* **EXERCISE DESCRIPTION**
When you come to the line with "Some of the text", begin repeating; continue exactly through the final line of the records and include nothing from before.

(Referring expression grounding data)

* * * * * * * * *

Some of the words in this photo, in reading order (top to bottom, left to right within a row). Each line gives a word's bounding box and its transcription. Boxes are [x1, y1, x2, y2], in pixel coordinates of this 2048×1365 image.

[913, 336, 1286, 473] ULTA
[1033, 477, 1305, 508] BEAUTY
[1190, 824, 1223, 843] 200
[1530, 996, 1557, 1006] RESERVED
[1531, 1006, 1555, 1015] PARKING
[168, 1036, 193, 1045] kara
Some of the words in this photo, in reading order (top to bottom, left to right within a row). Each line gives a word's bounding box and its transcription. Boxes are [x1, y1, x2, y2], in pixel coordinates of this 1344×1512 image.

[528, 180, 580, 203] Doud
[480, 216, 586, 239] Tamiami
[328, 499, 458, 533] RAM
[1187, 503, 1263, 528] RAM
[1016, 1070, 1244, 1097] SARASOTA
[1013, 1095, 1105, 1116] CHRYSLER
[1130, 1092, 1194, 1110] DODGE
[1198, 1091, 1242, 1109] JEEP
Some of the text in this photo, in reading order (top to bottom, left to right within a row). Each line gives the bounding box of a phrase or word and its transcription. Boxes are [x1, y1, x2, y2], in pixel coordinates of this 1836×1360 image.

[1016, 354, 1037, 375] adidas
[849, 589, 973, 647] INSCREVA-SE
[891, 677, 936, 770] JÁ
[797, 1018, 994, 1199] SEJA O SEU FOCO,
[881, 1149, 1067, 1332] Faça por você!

* * * * * * * * *

* **WRITTEN REPLY**
Some of the text in this photo, in reading order (top to bottom, left to right within a row). Each line gives the bounding box of a phrase or word and its transcription. Boxes are [x1, y1, x2, y2], in pixel coordinates of this 1836×1360 image.

[1016, 354, 1037, 375] adidas
[849, 589, 973, 647] INSCREVA-SE
[891, 677, 936, 770] JÁ
[797, 1018, 994, 1199] SEJA O SEU FOCO,
[881, 1149, 1067, 1332] Faça por você!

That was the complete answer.